Radical bookstore in London, England

Housmans is a bookshop in London, England, and is one of the longest-running radical bookshops in the United Kingdom. The shop was founded by a collective of pacifists in 1945 and has been based in Kings Cross, since 1959. Various grassroots organisations have operated from its address, including the Gay Liberation Front, the Campaign for Nuclear Disarmament, and London Greenpeace. Housmans shares its building with its sister organisation Peace News.

== The bookshop ==
Housmans' not-for-profit shop specialises in books on feminism, anarchism, anti-racism, anti-fascism, LGBTQIA+ politics, socialism, and nonviolence. It also stocks radical and socially engaged fiction, children's books, graphic novels, magazines, zines, and poetry alongside new and second-hand books, Housmans stocks cards, calendars, White Poppies, and merchandise from Lesbians and Gays Support the Miners (including the "Pits and Perverts" T-shirt). An online store was launched in March 2010.
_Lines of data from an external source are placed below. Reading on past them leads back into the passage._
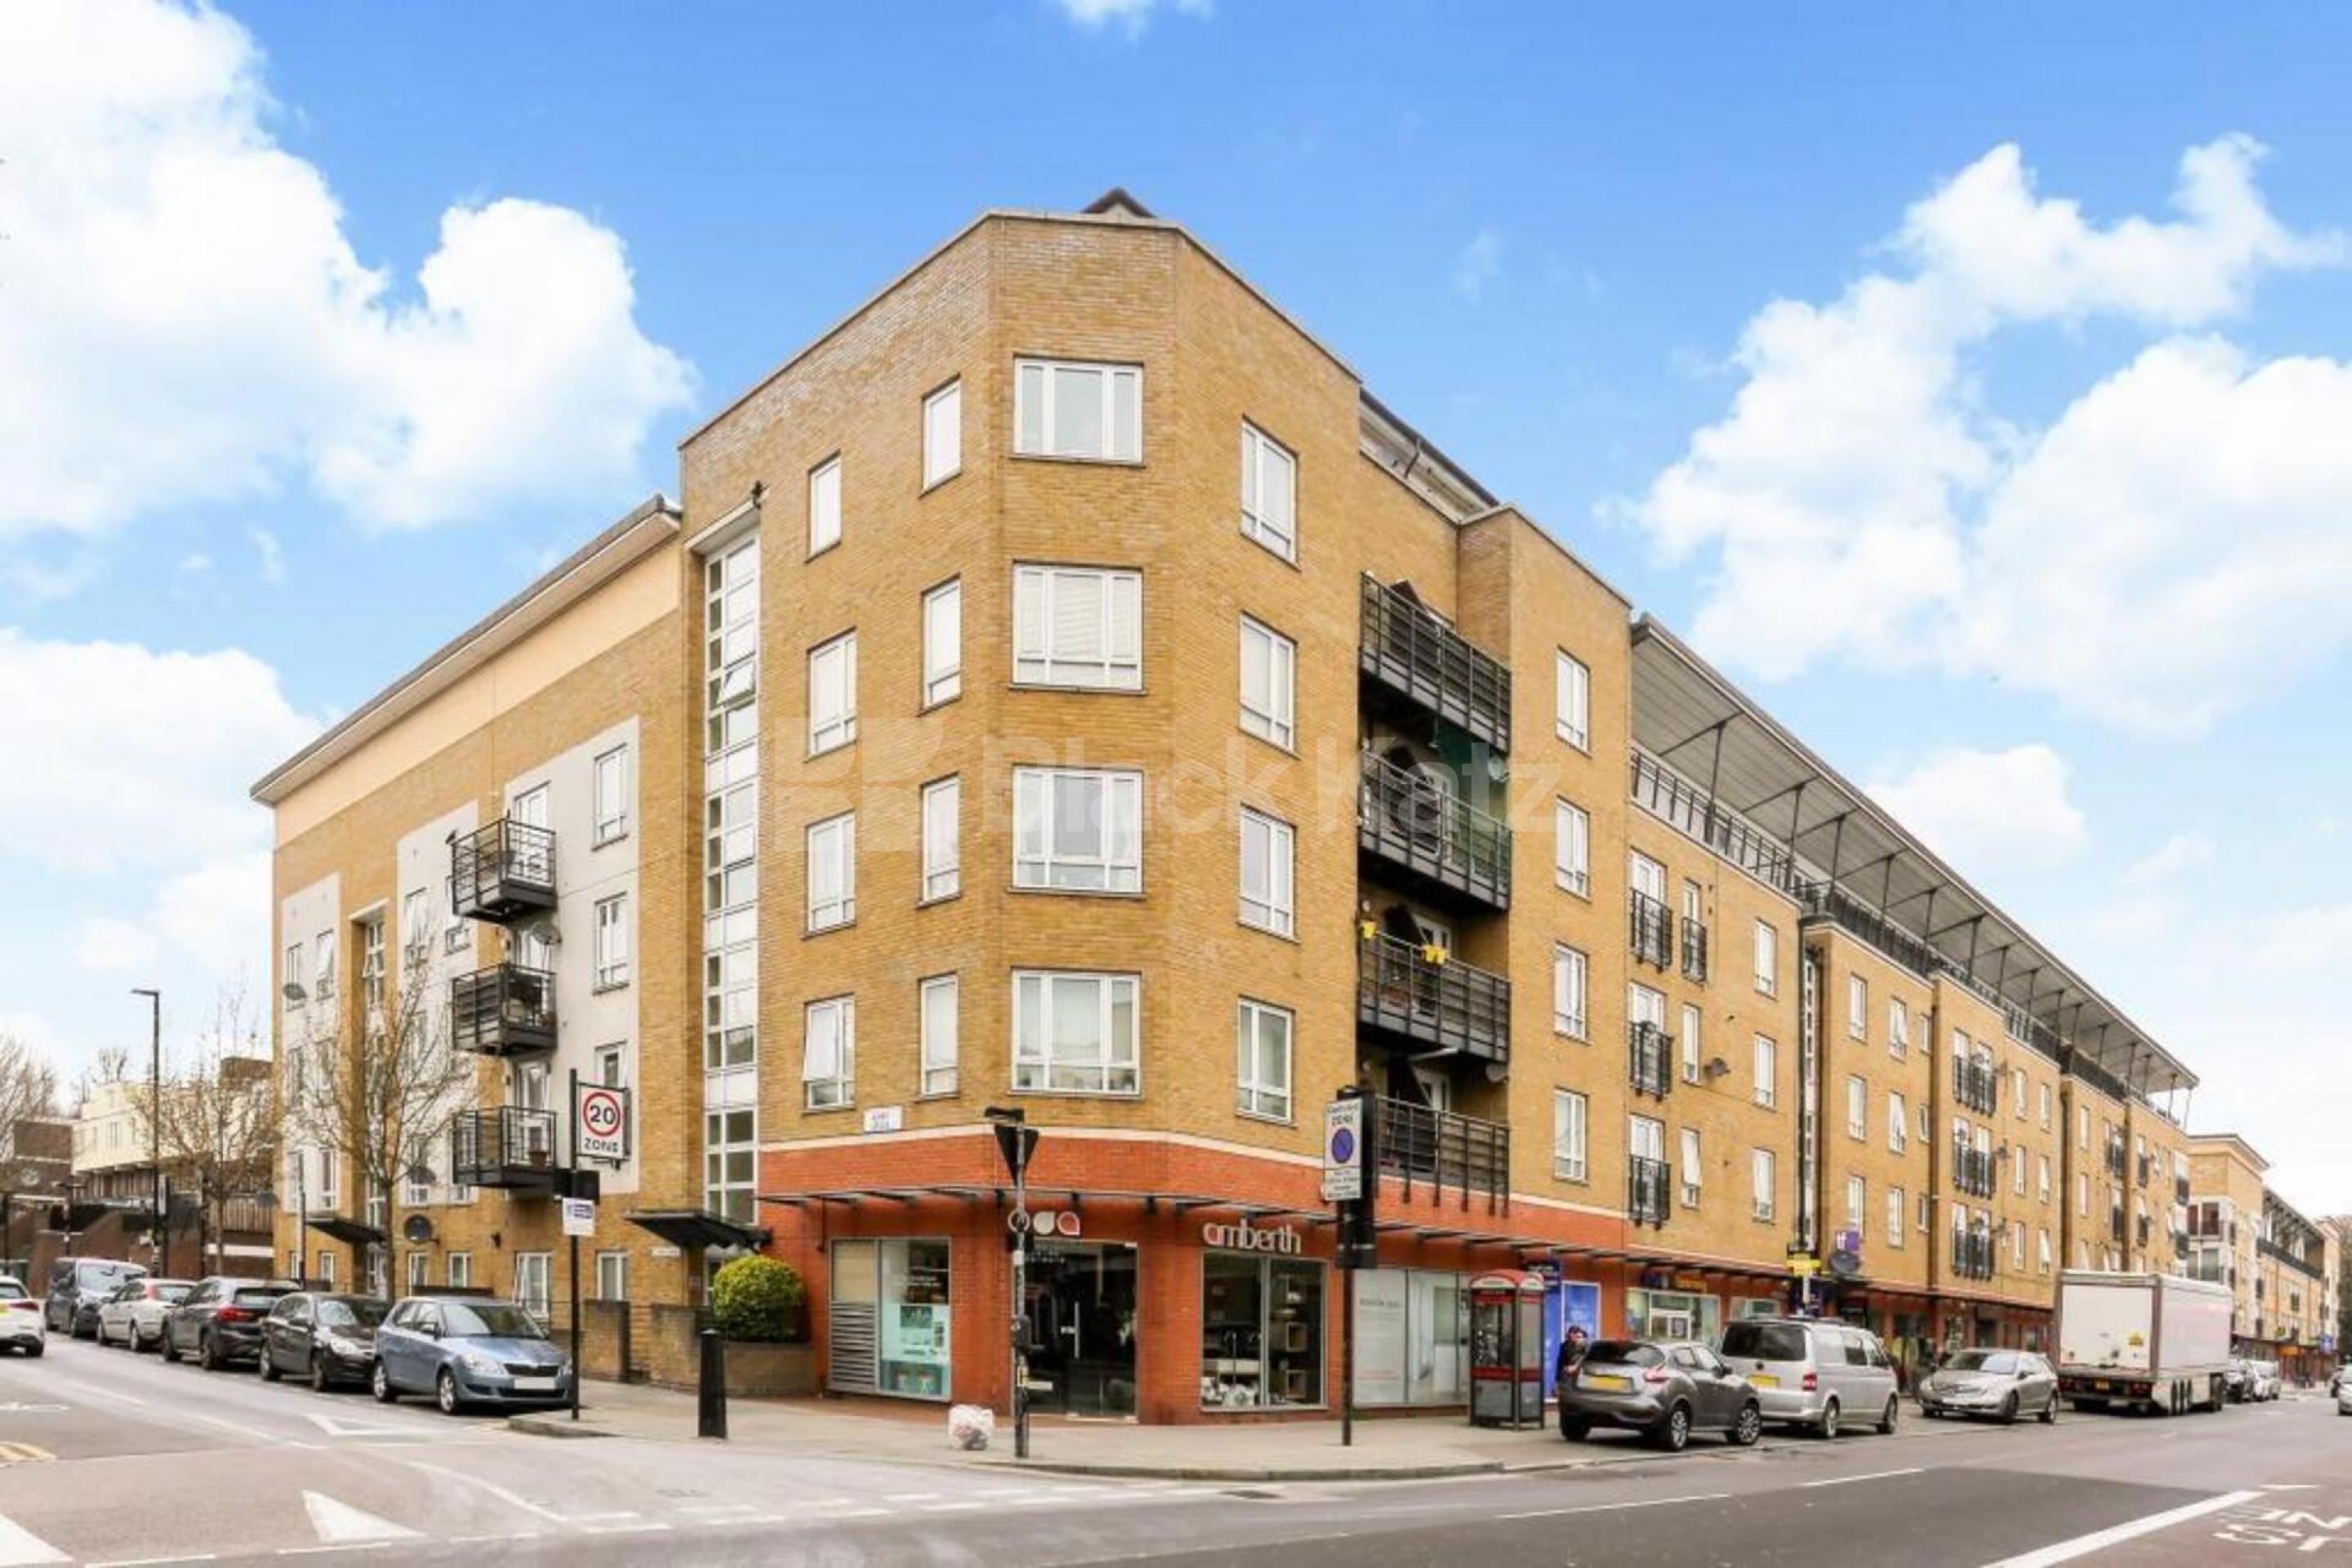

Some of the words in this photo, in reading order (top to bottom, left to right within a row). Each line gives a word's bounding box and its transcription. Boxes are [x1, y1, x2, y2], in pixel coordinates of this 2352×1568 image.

[590, 1104, 617, 1125] 20
[584, 1137, 619, 1153] ZONE
[1202, 1216, 1302, 1254] amberth
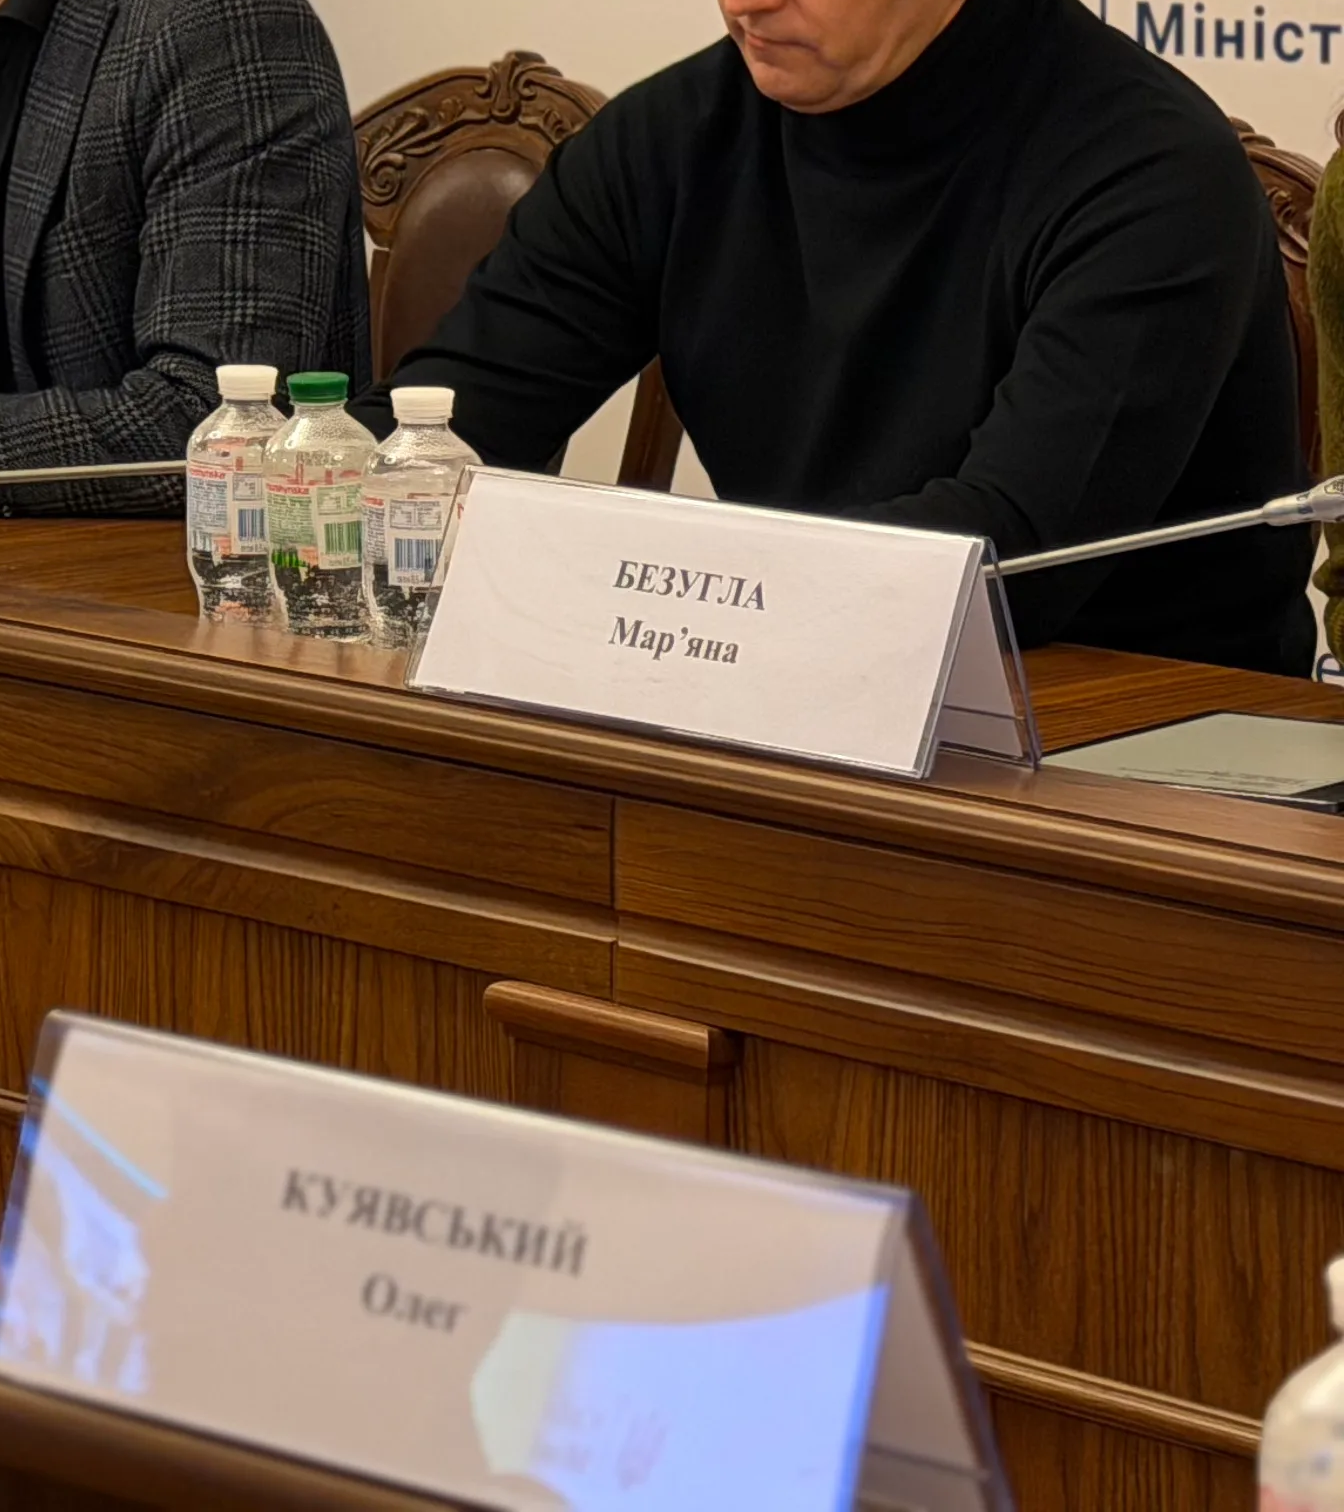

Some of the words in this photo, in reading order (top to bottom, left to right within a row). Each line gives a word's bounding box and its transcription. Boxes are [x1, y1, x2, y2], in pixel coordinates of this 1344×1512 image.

[1136, 1, 1341, 64] Мініст
[613, 560, 766, 610] БЕЗУГЛА
[608, 616, 740, 664] Мар’яна
[281, 1167, 589, 1279] КУЯВСЬКИЙ
[361, 1272, 467, 1333] Олег
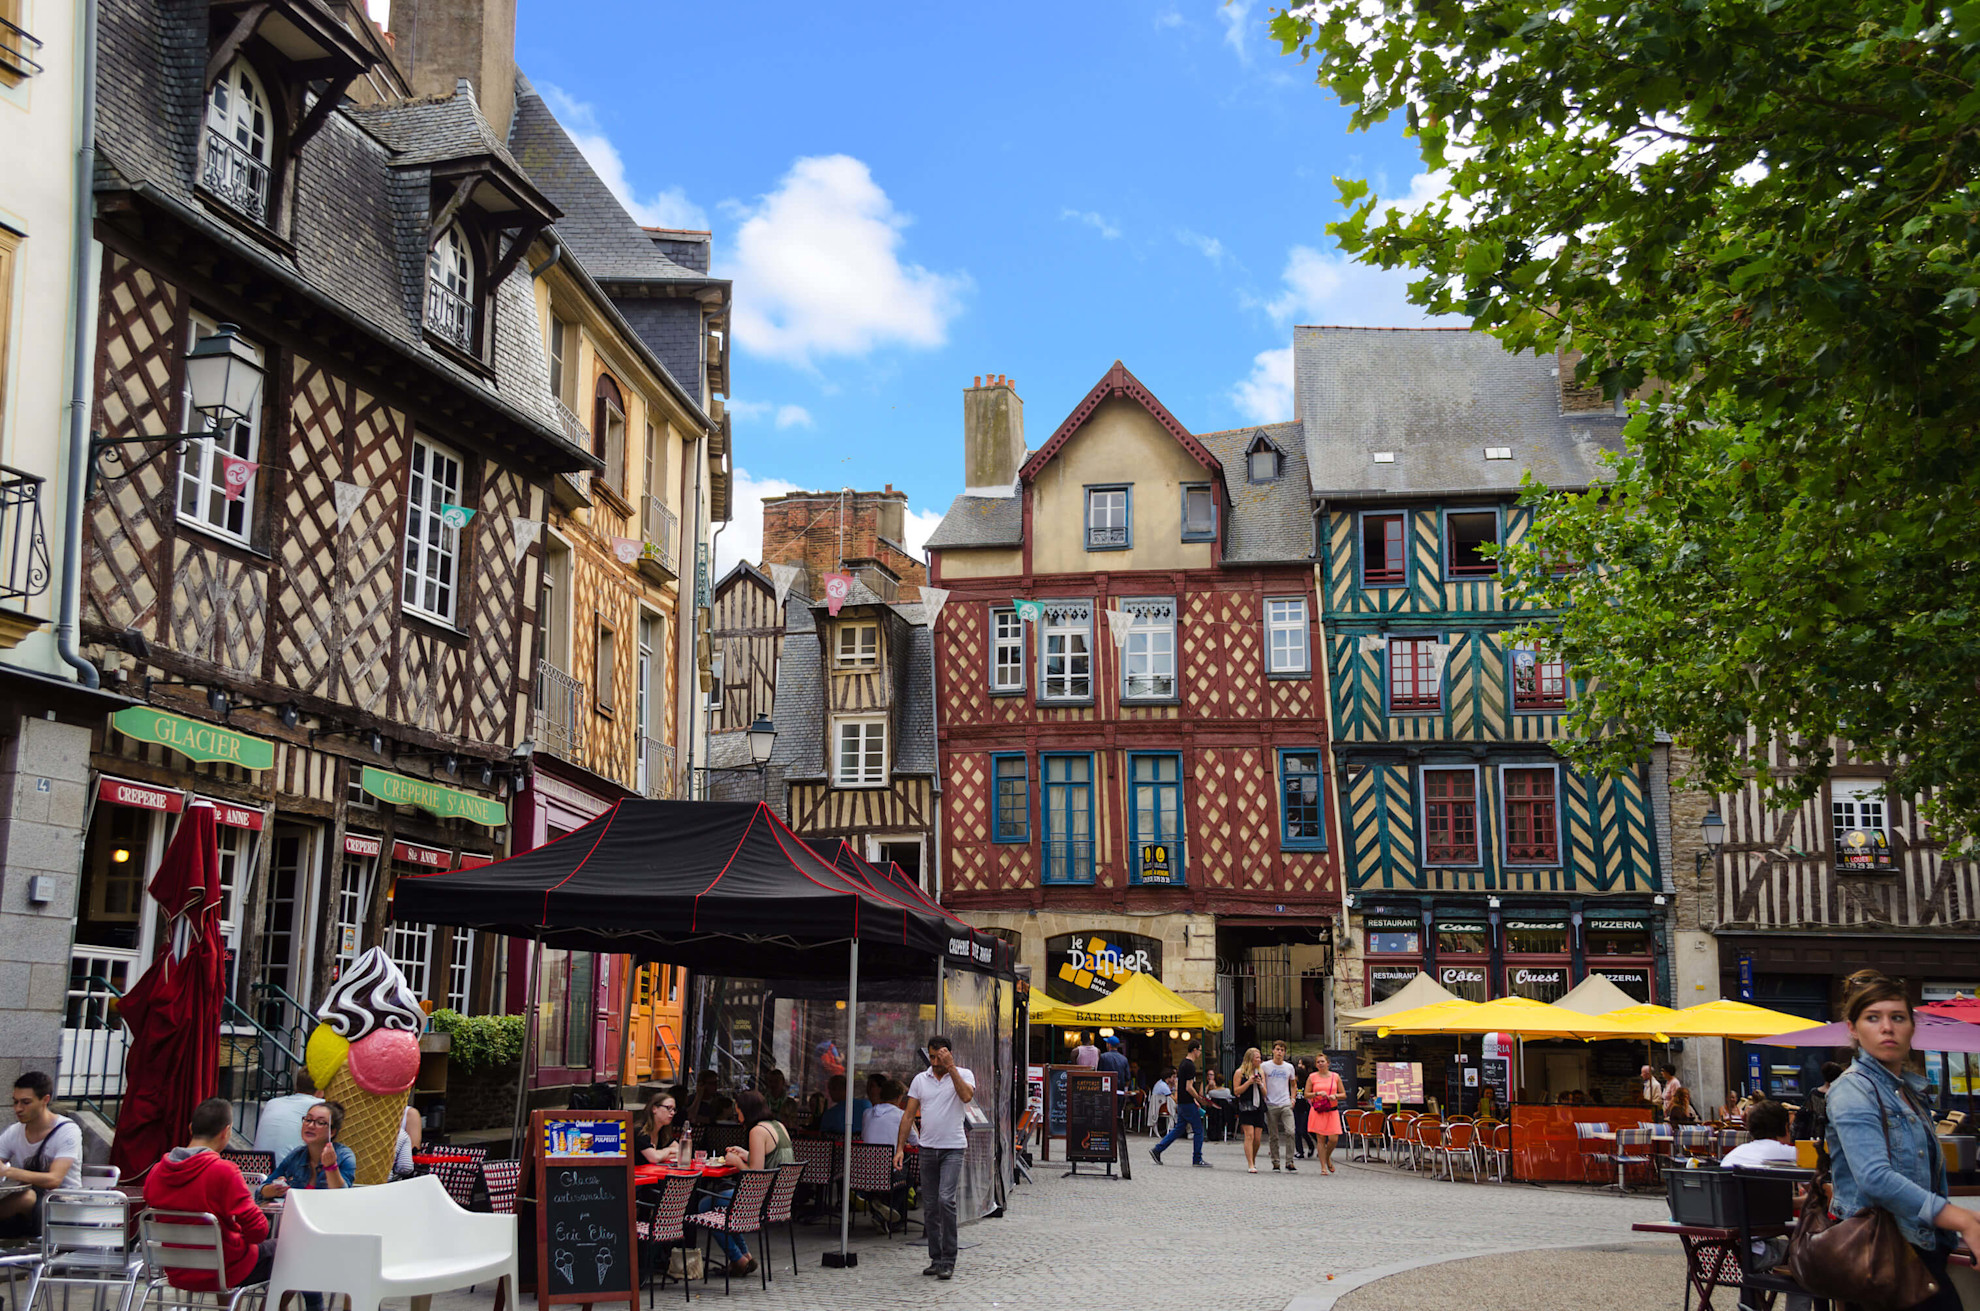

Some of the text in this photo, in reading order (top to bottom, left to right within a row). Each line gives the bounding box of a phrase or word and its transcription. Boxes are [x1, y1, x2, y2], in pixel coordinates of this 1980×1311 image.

Housmans is managed by a trust and is a National Living Wage employer.

=== Reading groups ===
Current book groups include Housmans' Feminist Sci-Fi Book Club, Housmans' Queer Book Club, the Fuse Book Club, and Self-care as an act of warfare: a Black women's reading group.

=== Peace Diary ===
Housmans launched its first Peace Diary in 1953. The diaries are published annually and include an international peace directory listing more than 1,400 organisations around the world.

=== Live events ===
Regular live events are hosted at Housmans including panels, book readings, and musical performances. These are streamed on Housmans' YouTube channel and include appearances from Naomi Klein, Emma Dabiri, and John Sinclair. Guests from the performing arts include Maxine Peake and Christopher Eccleston.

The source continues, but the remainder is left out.